MILAN (Reuters) - Italy’s Enel (ENEI.MI) played down talk it was interested in buying Colombian distributor Electricaribe after citing acquisitions as one of the reasons for raising its 2018 debt guidance on Tuesday.
Enel CFO Alberto De Paoli told analysts the utility had paid a fee to look at the books of Electricaribe but said this made sense for a power company operating in the area.
“A lot of things have to happen before we have a clear interest in it,” he said, adding that many regulatory and legal changes would first need to take place.
Recent press reports have said that Enel could be interested in buying Electricaribe.
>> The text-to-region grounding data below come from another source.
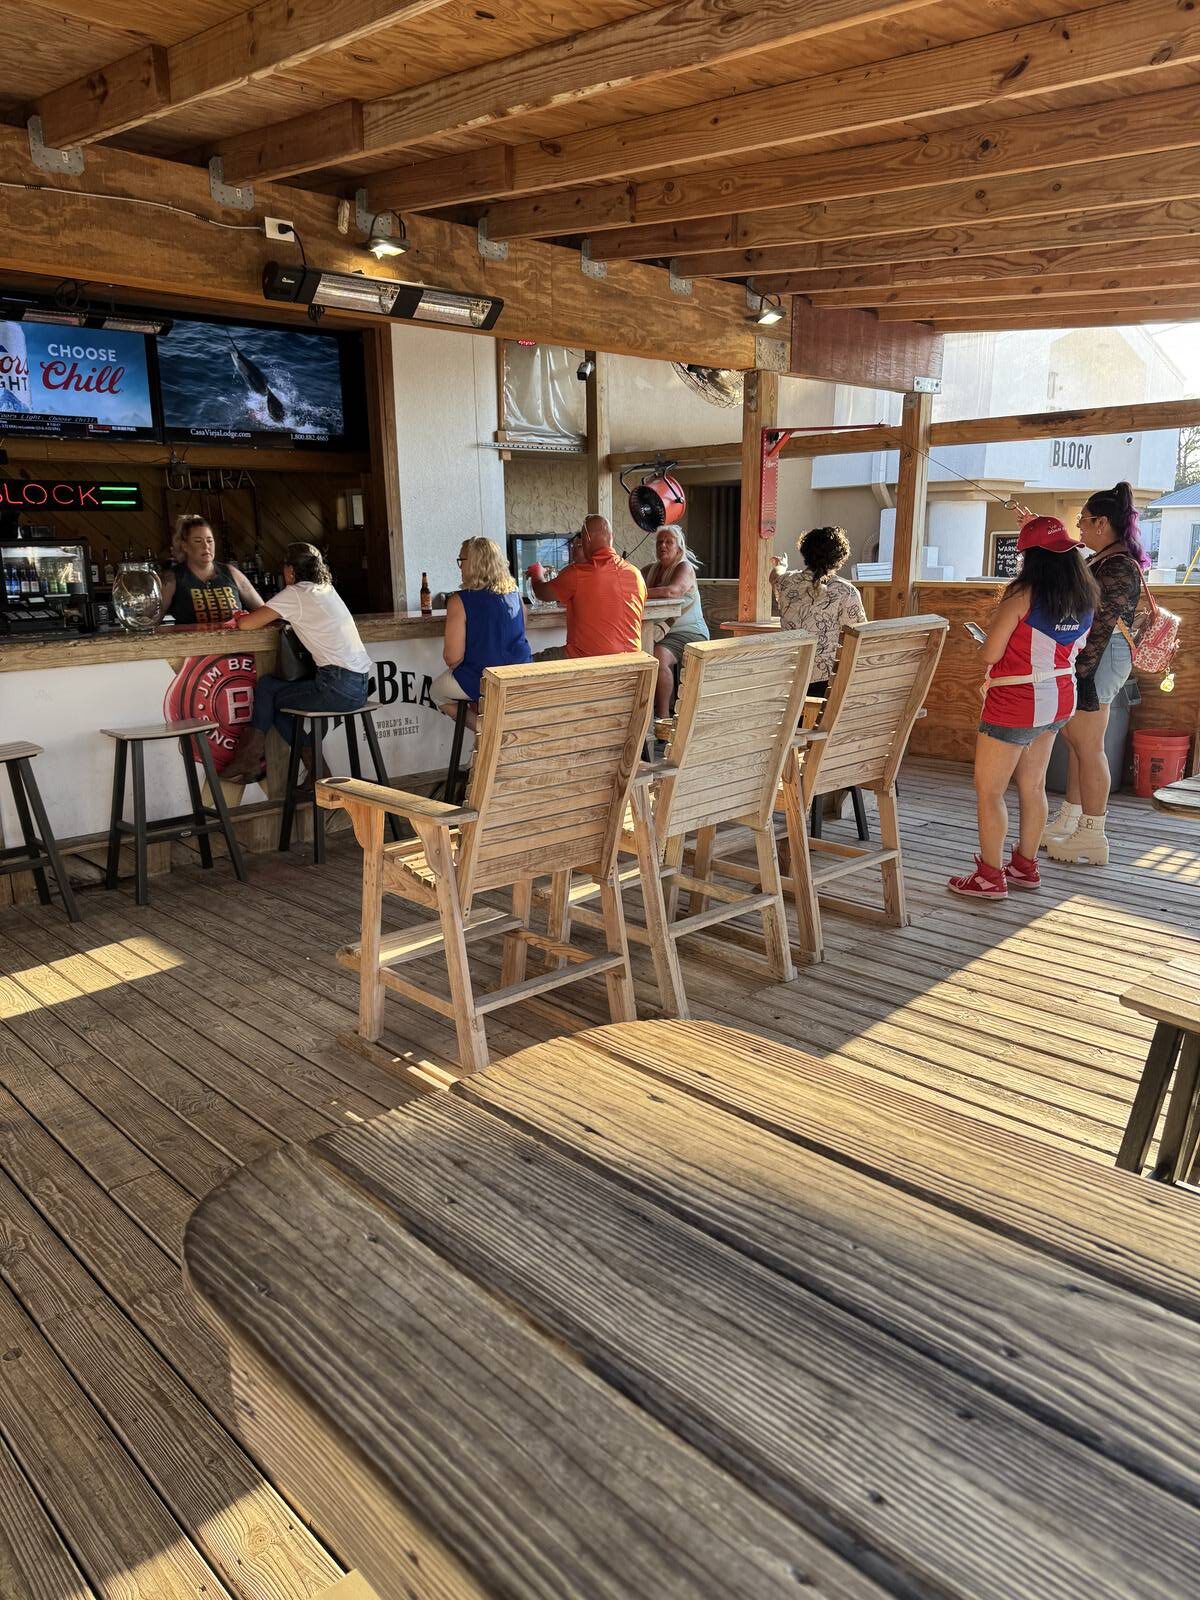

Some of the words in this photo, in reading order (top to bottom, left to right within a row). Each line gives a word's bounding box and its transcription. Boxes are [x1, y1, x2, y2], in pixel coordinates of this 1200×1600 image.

[48, 343, 117, 362] CHOOSE
[0, 375, 28, 391] GHT
[40, 360, 125, 394] Chill
[190, 429, 252, 438] CasaViejaLodge.com
[1052, 440, 1093, 470] BLOCK
[0, 483, 98, 506] LOCK
[191, 586, 236, 599] BEER
[193, 597, 239, 610] BEER
[195, 610, 232, 622] BEE
[198, 666, 223, 697] JIM
[227, 658, 257, 674] BE
[375, 660, 439, 710] BEA
[393, 726, 419, 736] WHISKEY
Europe’s biggest utility is one of the leading players in Latin America, where it makes more than a quarter of its core earnings.
It agreed in June to spend almost $1.5 billion (£1.1 billion) to buy a majority stake in Brazilian power company Eletropaulo (ELPL3.SA) and also said it could spend more than $2.3 billion to buy a Latin American fibre company.
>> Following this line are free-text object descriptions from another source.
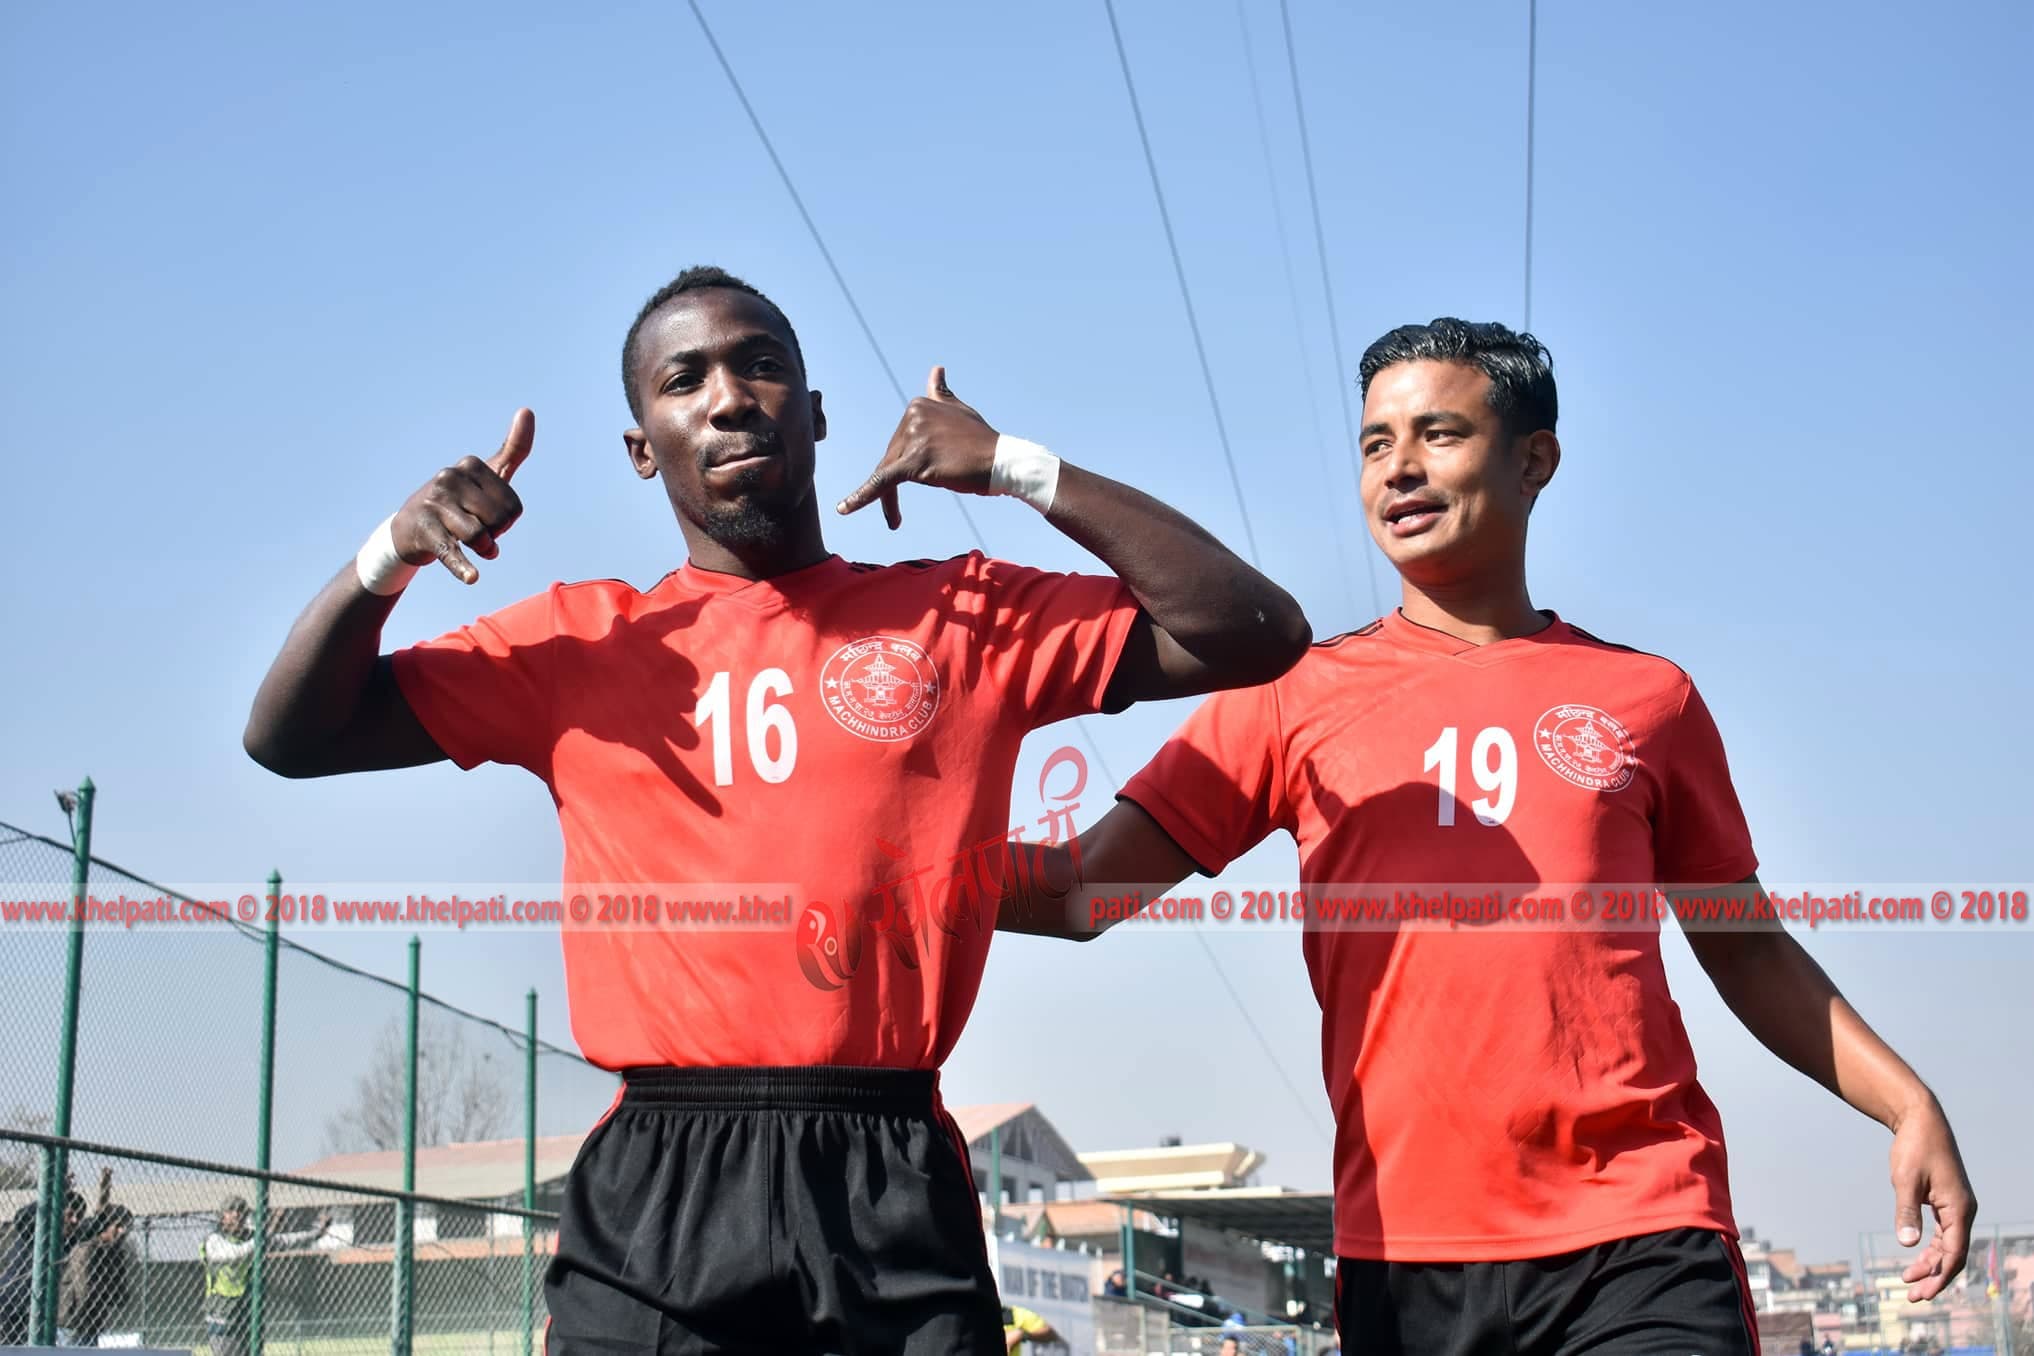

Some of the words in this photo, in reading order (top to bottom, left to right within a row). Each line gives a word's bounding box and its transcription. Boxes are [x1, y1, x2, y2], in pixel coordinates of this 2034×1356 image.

[695, 667, 798, 786] 16
[828, 696, 908, 737] MACHHINDRA
[908, 700, 933, 730] CLUB
[1424, 727, 1518, 826] 19
[1540, 744, 1610, 788] MACHHINDRA
On Thursday it said its acquisition of Eletropaulo and restructuring costs in Chile had helped to bump up its debt pile at the end of September to about 43 billion euros (£37.4 billion).
It said it now expected net debt this year to be between 41 billion and 42 billion euros, about 1 billion to 2 billion euros higher its previous forecast.
But the group, one of the world’s biggest listed green energy companies, said it expects higher cash flow this year and reiterated core earnings guidance of 16.2 billion euros.
De Paoli said the group was working on another deal to sell assets but was not sure if it could be closed before year end.
Enel, which also controls Spanish utility Endesa (ELE.MC), said core earnings (EBITDA) in the first nine months of the year rose 6.2 percent to 12 billion euros, boosted by its green energy business and better margins in Brazil after the Eletropaulo acquisition.
“Renewables were once again the basis for the group’s positive performance while geographic diversification was important to cope with the negative trend in certain currencies,” CEO Francesco Starace said.